The records below are to be transcribed in full, exactly as given.

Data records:
▼▼▼

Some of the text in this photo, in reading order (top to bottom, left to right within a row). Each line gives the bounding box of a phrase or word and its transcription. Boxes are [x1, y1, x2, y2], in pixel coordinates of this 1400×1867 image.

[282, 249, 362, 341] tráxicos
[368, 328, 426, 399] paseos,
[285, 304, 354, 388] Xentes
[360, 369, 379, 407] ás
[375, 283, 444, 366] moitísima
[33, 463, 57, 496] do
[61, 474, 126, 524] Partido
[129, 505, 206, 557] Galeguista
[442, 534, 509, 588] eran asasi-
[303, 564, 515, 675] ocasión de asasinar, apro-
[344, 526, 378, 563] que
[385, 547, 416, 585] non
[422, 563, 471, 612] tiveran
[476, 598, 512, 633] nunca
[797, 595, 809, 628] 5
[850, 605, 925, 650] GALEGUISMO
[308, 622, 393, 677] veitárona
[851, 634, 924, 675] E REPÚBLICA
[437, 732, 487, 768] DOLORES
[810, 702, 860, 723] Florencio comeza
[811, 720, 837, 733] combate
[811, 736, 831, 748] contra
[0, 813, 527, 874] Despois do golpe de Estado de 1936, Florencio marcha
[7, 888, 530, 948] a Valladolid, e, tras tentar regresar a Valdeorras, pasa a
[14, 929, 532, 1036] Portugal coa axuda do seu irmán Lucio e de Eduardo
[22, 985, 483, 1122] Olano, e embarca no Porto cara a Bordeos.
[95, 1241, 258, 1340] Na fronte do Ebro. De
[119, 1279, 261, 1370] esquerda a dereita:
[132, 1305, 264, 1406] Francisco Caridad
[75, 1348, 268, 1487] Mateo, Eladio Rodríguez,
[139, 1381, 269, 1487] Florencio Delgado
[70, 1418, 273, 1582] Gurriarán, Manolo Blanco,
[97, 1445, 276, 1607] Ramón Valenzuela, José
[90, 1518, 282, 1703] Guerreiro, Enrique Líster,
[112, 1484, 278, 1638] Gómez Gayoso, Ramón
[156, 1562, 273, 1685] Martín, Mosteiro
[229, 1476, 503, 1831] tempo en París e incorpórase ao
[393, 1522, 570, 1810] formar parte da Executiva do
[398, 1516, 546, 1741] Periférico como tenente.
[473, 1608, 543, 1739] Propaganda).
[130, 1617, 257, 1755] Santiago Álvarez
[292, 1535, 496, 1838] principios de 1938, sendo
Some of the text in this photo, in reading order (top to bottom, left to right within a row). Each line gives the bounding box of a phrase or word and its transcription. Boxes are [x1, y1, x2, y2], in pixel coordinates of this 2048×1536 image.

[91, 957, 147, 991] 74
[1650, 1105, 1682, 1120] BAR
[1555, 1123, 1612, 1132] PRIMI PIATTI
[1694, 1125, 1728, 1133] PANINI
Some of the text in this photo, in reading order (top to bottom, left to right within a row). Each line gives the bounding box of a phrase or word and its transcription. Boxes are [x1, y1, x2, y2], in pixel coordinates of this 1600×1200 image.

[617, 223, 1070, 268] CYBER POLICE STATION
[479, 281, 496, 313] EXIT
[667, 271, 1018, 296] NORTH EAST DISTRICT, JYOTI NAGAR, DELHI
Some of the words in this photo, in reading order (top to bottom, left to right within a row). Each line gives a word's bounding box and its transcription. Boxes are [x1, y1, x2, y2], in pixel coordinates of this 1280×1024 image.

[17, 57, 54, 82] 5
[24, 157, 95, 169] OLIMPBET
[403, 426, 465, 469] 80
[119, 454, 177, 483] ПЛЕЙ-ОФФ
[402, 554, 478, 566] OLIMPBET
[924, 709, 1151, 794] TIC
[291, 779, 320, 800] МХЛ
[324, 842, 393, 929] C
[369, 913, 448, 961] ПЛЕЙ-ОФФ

▲▲▲

### YOUR SOLUTION
Some of the text in this photo, in reading order (top to bottom, left to right within a row). Each line gives the bounding box of a phrase or word and its transcription. Boxes are [x1, y1, x2, y2], in pixel coordinates of this 1400×1867 image.

[282, 249, 362, 341] tráxicos
[368, 328, 426, 399] paseos,
[285, 304, 354, 388] Xentes
[360, 369, 379, 407] ás
[375, 283, 444, 366] moitísima
[33, 463, 57, 496] do
[61, 474, 126, 524] Partido
[129, 505, 206, 557] Galeguista
[442, 534, 509, 588] eran asasi-
[303, 564, 515, 675] ocasión de asasinar, apro-
[344, 526, 378, 563] que
[385, 547, 416, 585] non
[422, 563, 471, 612] tiveran
[476, 598, 512, 633] nunca
[797, 595, 809, 628] 5
[850, 605, 925, 650] GALEGUISMO
[308, 622, 393, 677] veitárona
[851, 634, 924, 675] E REPÚBLICA
[437, 732, 487, 768] DOLORES
[810, 702, 860, 723] Florencio comeza
[811, 720, 837, 733] combate
[811, 736, 831, 748] contra
[0, 813, 527, 874] Despois do golpe de Estado de 1936, Florencio marcha
[7, 888, 530, 948] a Valladolid, e, tras tentar regresar a Valdeorras, pasa a
[14, 929, 532, 1036] Portugal coa axuda do seu irmán Lucio e de Eduardo
[22, 985, 483, 1122] Olano, e embarca no Porto cara a Bordeos.
[95, 1241, 258, 1340] Na fronte do Ebro. De
[119, 1279, 261, 1370] esquerda a dereita:
[132, 1305, 264, 1406] Francisco Caridad
[75, 1348, 268, 1487] Mateo, Eladio Rodríguez,
[139, 1381, 269, 1487] Florencio Delgado
[70, 1418, 273, 1582] Gurriarán, Manolo Blanco,
[97, 1445, 276, 1607] Ramón Valenzuela, José
[90, 1518, 282, 1703] Guerreiro, Enrique Líster,
[112, 1484, 278, 1638] Gómez Gayoso, Ramón
[156, 1562, 273, 1685] Martín, Mosteiro
[229, 1476, 503, 1831] tempo en París e incorpórase ao
[393, 1522, 570, 1810] formar parte da Executiva do
[398, 1516, 546, 1741] Periférico como tenente.
[473, 1608, 543, 1739] Propaganda).
[130, 1617, 257, 1755] Santiago Álvarez
[292, 1535, 496, 1838] principios de 1938, sendo
Some of the text in this photo, in reading order (top to bottom, left to right within a row). Each line gives the bounding box of a phrase or word and its transcription. Boxes are [x1, y1, x2, y2], in pixel coordinates of this 2048×1536 image.

[91, 957, 147, 991] 74
[1650, 1105, 1682, 1120] BAR
[1555, 1123, 1612, 1132] PRIMI PIATTI
[1694, 1125, 1728, 1133] PANINI
Some of the text in this photo, in reading order (top to bottom, left to right within a row). Each line gives the bounding box of a phrase or word and its transcription. Boxes are [x1, y1, x2, y2], in pixel coordinates of this 1600×1200 image.

[617, 223, 1070, 268] CYBER POLICE STATION
[479, 281, 496, 313] EXIT
[667, 271, 1018, 296] NORTH EAST DISTRICT, JYOTI NAGAR, DELHI
Some of the words in this photo, in reading order (top to bottom, left to right within a row). Each line gives a word's bounding box and its transcription. Boxes are [x1, y1, x2, y2], in pixel coordinates of this 1280×1024 image.

[17, 57, 54, 82] 5
[24, 157, 95, 169] OLIMPBET
[403, 426, 465, 469] 80
[119, 454, 177, 483] ПЛЕЙ-ОФФ
[402, 554, 478, 566] OLIMPBET
[924, 709, 1151, 794] TIC
[291, 779, 320, 800] МХЛ
[324, 842, 393, 929] C
[369, 913, 448, 961] ПЛЕЙ-ОФФ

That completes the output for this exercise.